BEGIN
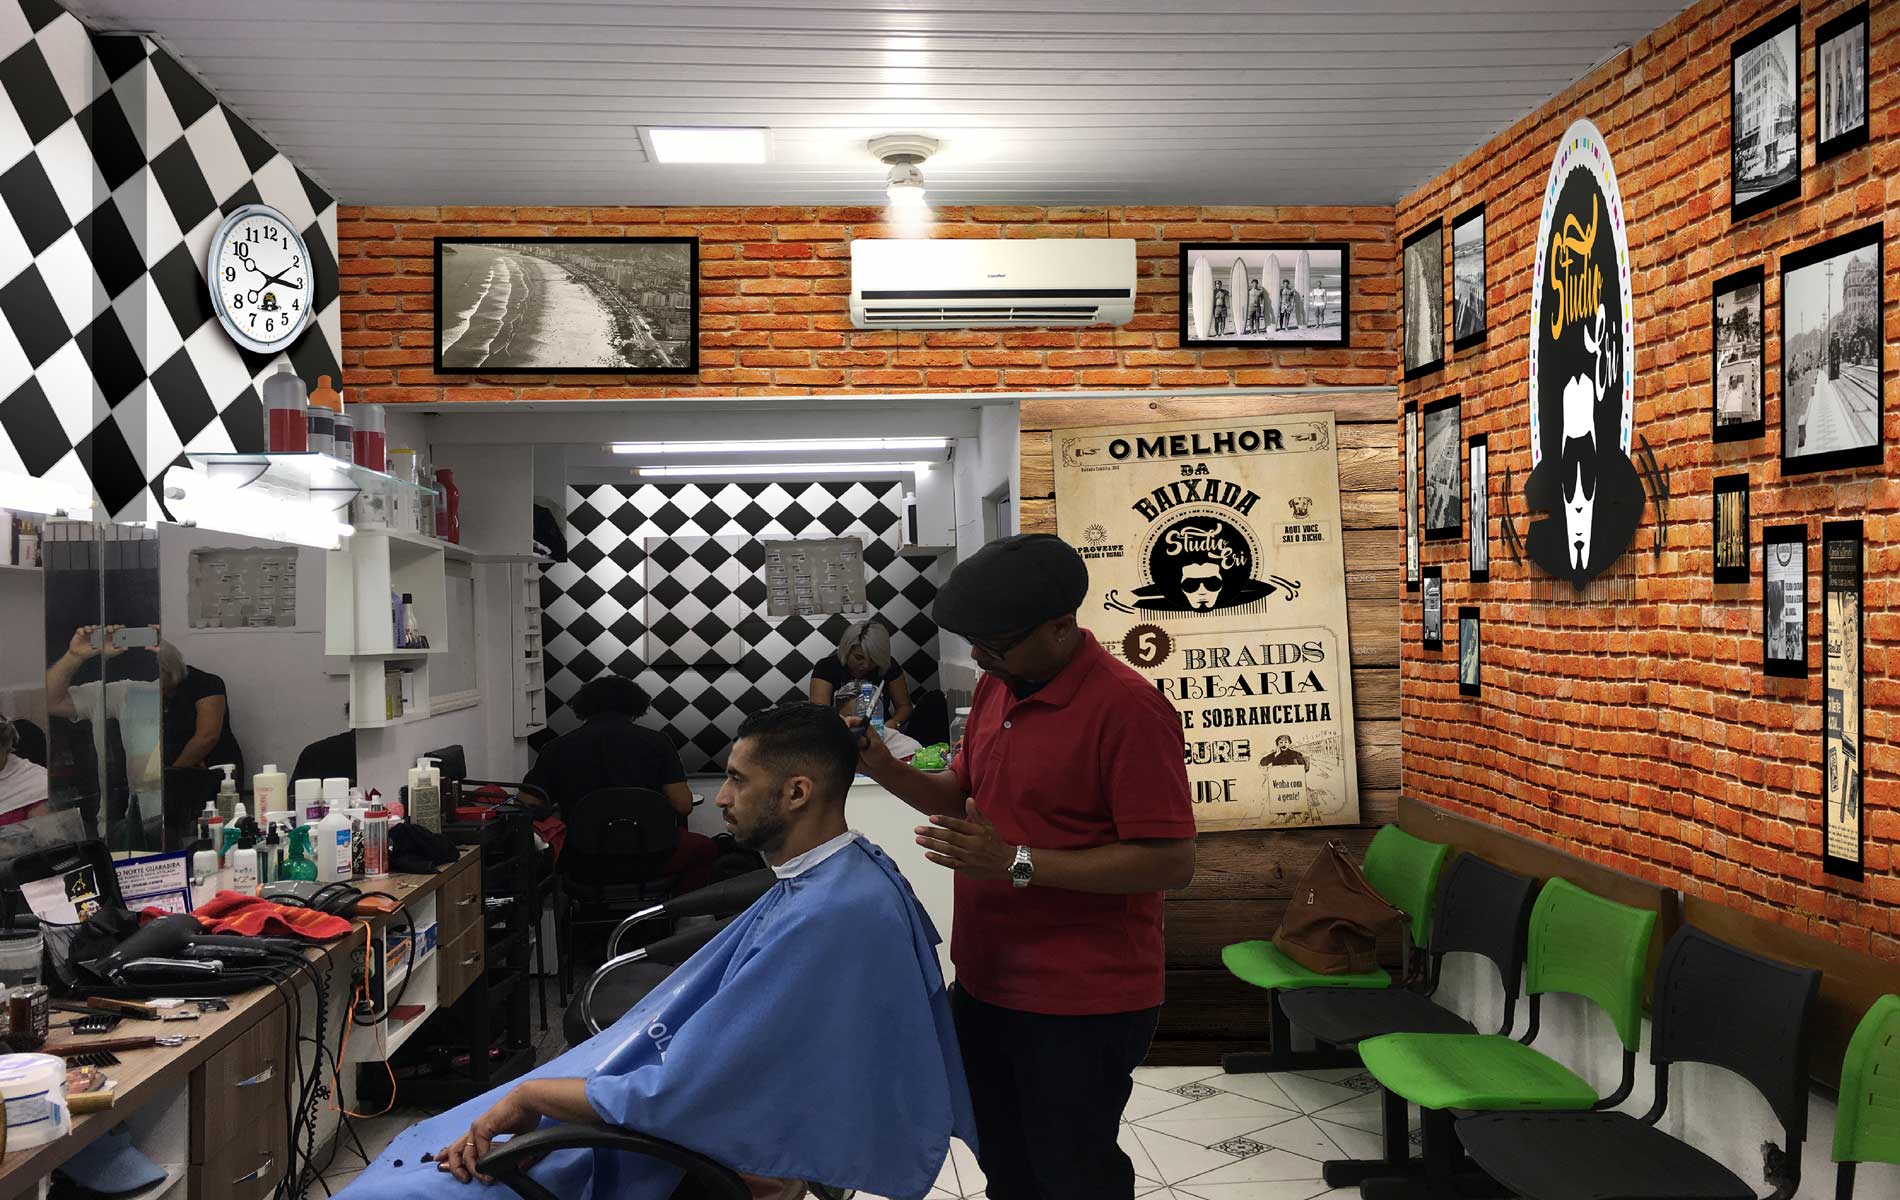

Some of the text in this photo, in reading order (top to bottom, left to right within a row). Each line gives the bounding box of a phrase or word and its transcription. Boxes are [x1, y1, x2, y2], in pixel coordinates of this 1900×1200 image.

[245, 227, 260, 243] 11
[263, 225, 278, 242] 12
[233, 241, 249, 257] 10
[282, 237, 288, 250] 1
[293, 255, 300, 268] 2
[1551, 192, 1604, 340] Studio
[225, 266, 236, 282] 9
[233, 293, 243, 309] 8
[292, 298, 299, 311] 4
[249, 313, 257, 327] 7
[265, 318, 274, 332] 6
[281, 312, 289, 326] 5
[1584, 303, 1620, 402] Eri
[1108, 428, 1285, 460] O MELHOR
[1180, 462, 1210, 477] DA
[1132, 478, 1261, 523] BAIXADA
[1284, 525, 1301, 534] AQUI
[1165, 523, 1229, 556] Studio
[1282, 534, 1294, 543] SAI
[1295, 534, 1300, 542] O
[1073, 544, 1124, 554] PROVEITE
[1207, 547, 1248, 570] Eri
[1138, 632, 1157, 662] 5
[1181, 641, 1325, 671] BRAIDS
[1202, 702, 1333, 729] SOBRANCELHA
[1272, 779, 1290, 789] Venha
[124, 866, 144, 876] NORTE
[145, 862, 181, 873] GUARABIRA
END
ABOUT THIS EXERCISE:
Each entry should be copied exactly as written, though any pictures stay out.

FINAL ANSWER:
Some of the text in this photo, in reading order (top to bottom, left to right within a row). Each line gives the bounding box of a phrase or word and its transcription. Boxes are [x1, y1, x2, y2], in pixel coordinates of this 1900×1200 image.

[245, 227, 260, 243] 11
[263, 225, 278, 242] 12
[233, 241, 249, 257] 10
[282, 237, 288, 250] 1
[293, 255, 300, 268] 2
[1551, 192, 1604, 340] Studio
[225, 266, 236, 282] 9
[233, 293, 243, 309] 8
[292, 298, 299, 311] 4
[249, 313, 257, 327] 7
[265, 318, 274, 332] 6
[281, 312, 289, 326] 5
[1584, 303, 1620, 402] Eri
[1108, 428, 1285, 460] O MELHOR
[1180, 462, 1210, 477] DA
[1132, 478, 1261, 523] BAIXADA
[1284, 525, 1301, 534] AQUI
[1165, 523, 1229, 556] Studio
[1282, 534, 1294, 543] SAI
[1295, 534, 1300, 542] O
[1073, 544, 1124, 554] PROVEITE
[1207, 547, 1248, 570] Eri
[1138, 632, 1157, 662] 5
[1181, 641, 1325, 671] BRAIDS
[1202, 702, 1333, 729] SOBRANCELHA
[1272, 779, 1290, 789] Venha
[124, 866, 144, 876] NORTE
[145, 862, 181, 873] GUARABIRA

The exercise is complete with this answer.